Abstract
Abstract
Background
Health policy competencies of regional organizations include mandates to create regional health laws and policies, as well as authorities that allow member states to undertake collective actions in the health field. The examination of the health policy competencies of regional organizations is essential, as it constitutes an important prerequisite for regional organizations to govern regional health. This study aims to map the development trajectory of health policy competencies in regional organizations worldwide and investigate their potential correlates. This will contribute to the enhanced promotion of both existing and new regional health cooperation.
Methods
This retrospective analysis utilized the health policy competencies of the 76 regional organizations worldwide from 1945 to 2015, as investigated in the Regional Organizations Competencies Database. By aggregating member state data from various sources such as the IHME Global Burden of Disease 2019, the World Bank, and the World Trade Organization, we extracted the mean values and coefficients of variation for the covariates in regional organization characteristics, socioeconomic and demographic factors, health status and health-system capacity. The correlation between changes in the health policy scope of regional organizations and independent variables was analyzed using Poisson pseudo-likelihood regression with multiple levels of fixed effects.
Results
From 1945 to 2015, the number of regional organizations with health policy competencies experienced a slow growth stage before 1991 and an explosive growth stage post-1991. By 2015, 48 out of the 71 existing regional organizations had developed their health policy competencies, yet 26 (54.2%) of these organizations possessed only 1–2 health policy competencies.
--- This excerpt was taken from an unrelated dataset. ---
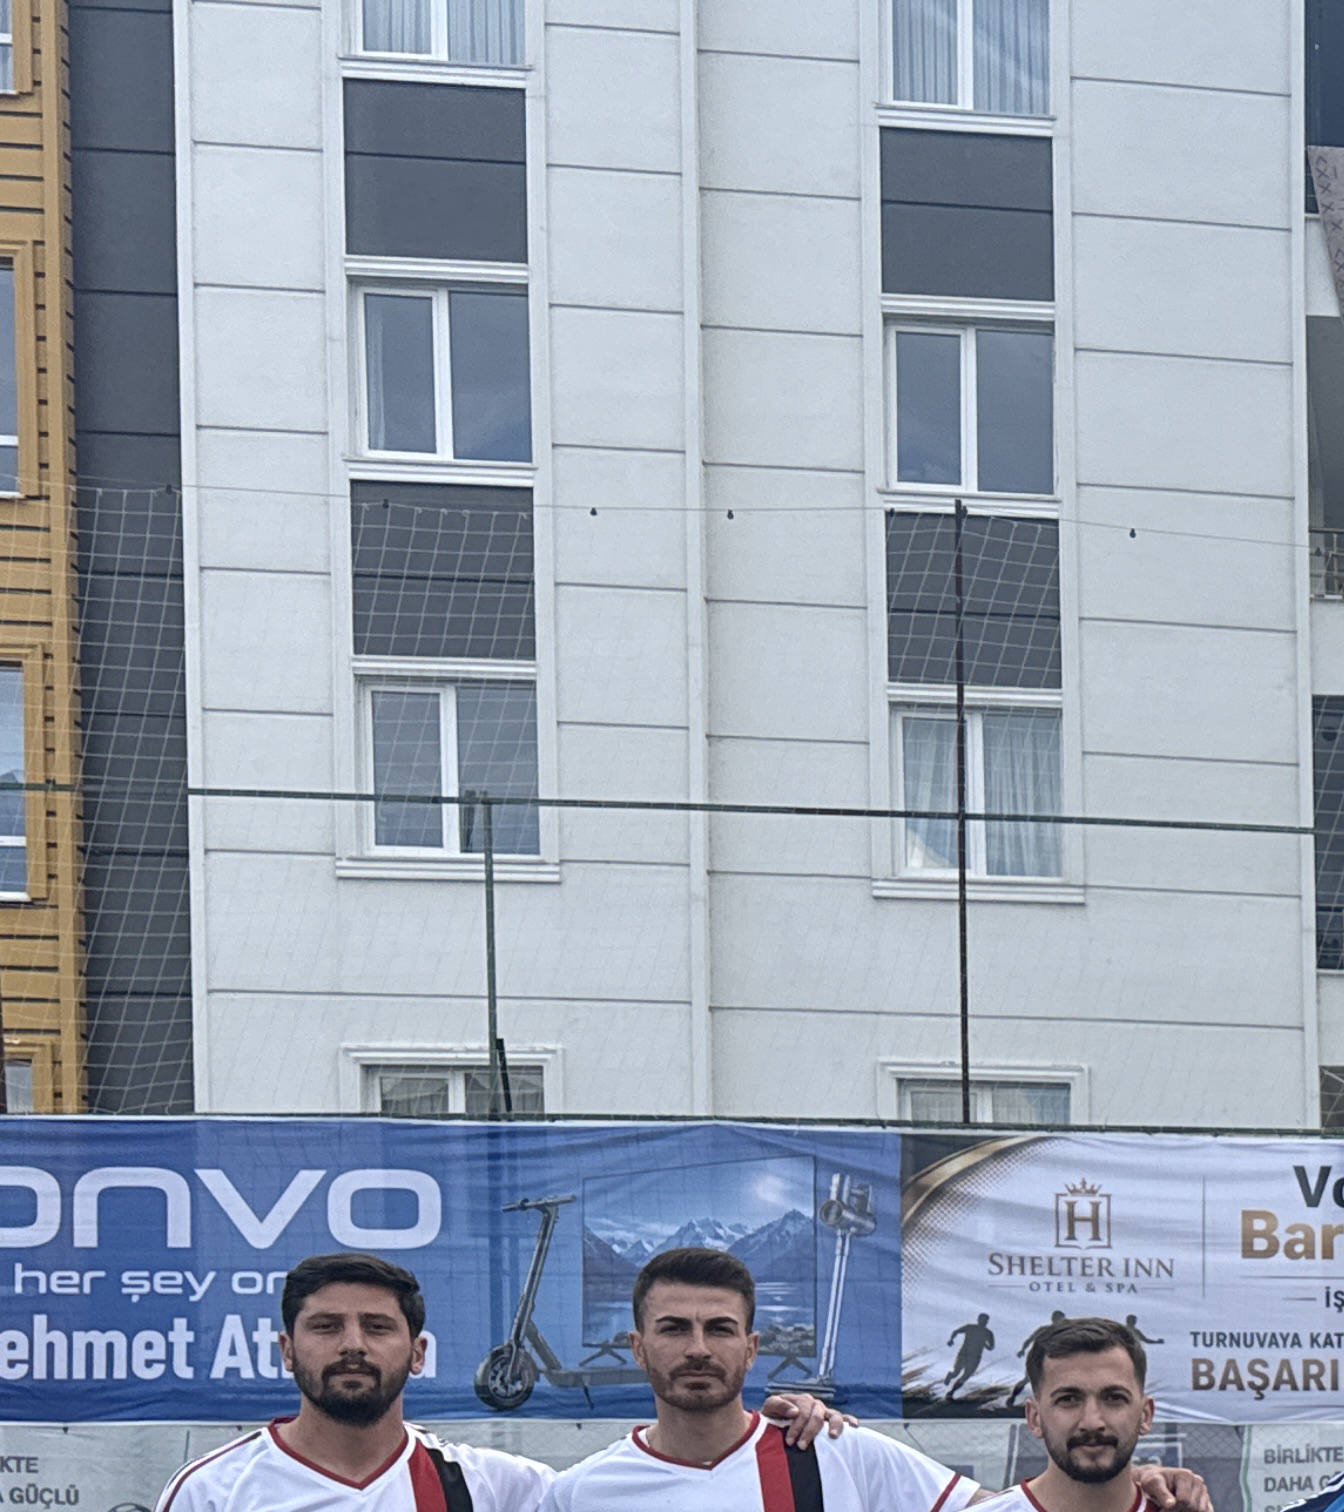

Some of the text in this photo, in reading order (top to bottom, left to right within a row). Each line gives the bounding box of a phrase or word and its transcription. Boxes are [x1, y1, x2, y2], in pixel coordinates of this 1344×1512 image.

An enhancement in the health policy scope of a regional organization correlated with its founding year, a greater number of policy fields, higher under-five mortality, and larger disparities in trade and healthcare access and quality indexes among member states. In contrast, larger disparities in population, under-five mortality and health worker density among member states, along with more hospital beds per capita, were negatively correlated with the expansion of a regional organization’s health policy scope.
Conclusion
Since 1991, there has been a surge of interest in health among regional organizations, although health remains a secondary priority for them. The health policy competencies of regional organizations are pivotal for promoting social equity within regional communities. Its establishment is also closely linked to the level and disparities among member states in aspects such as trade, population, child mortality rates, and health system capacity.